- Records shown:
/---

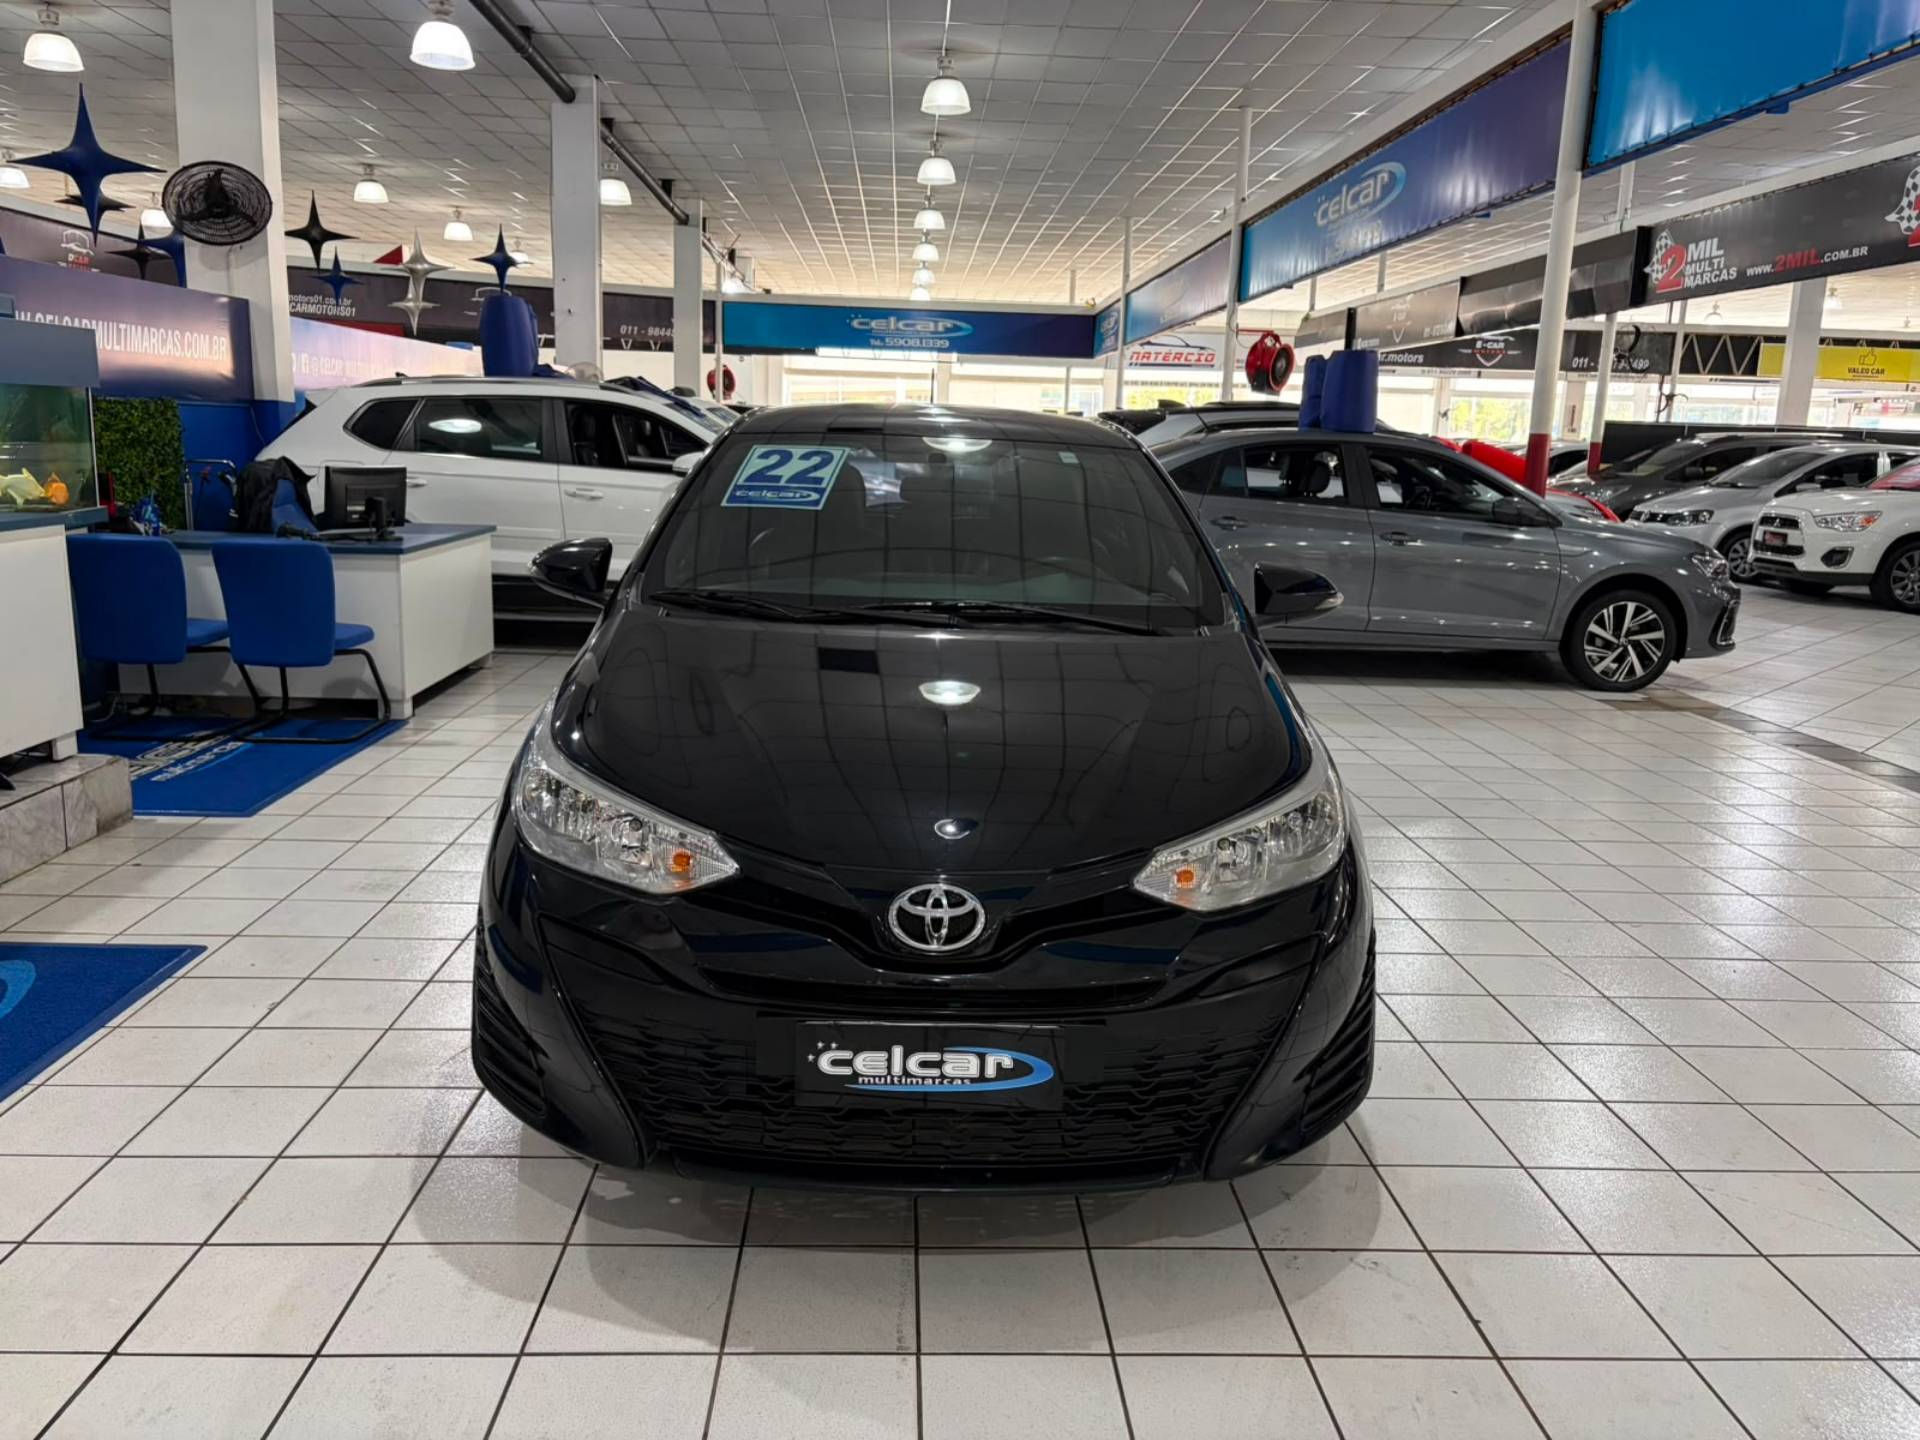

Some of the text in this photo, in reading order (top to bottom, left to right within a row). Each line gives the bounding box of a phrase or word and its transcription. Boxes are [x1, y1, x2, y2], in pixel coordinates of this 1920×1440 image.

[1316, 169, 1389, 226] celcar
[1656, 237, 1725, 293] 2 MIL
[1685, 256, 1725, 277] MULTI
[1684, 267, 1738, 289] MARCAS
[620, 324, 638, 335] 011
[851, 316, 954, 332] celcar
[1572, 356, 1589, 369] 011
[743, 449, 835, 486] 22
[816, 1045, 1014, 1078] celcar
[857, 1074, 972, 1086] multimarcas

\---

- Exercise: Could each line of the data be written out exactly, with no pictures included?

- Exercise output:
Some of the text in this photo, in reading order (top to bottom, left to right within a row). Each line gives the bounding box of a phrase or word and its transcription. Boxes are [x1, y1, x2, y2], in pixel coordinates of this 1920×1440 image.

[1316, 169, 1389, 226] celcar
[1656, 237, 1725, 293] 2 MIL
[1685, 256, 1725, 277] MULTI
[1684, 267, 1738, 289] MARCAS
[620, 324, 638, 335] 011
[851, 316, 954, 332] celcar
[1572, 356, 1589, 369] 011
[743, 449, 835, 486] 22
[816, 1045, 1014, 1078] celcar
[857, 1074, 972, 1086] multimarcas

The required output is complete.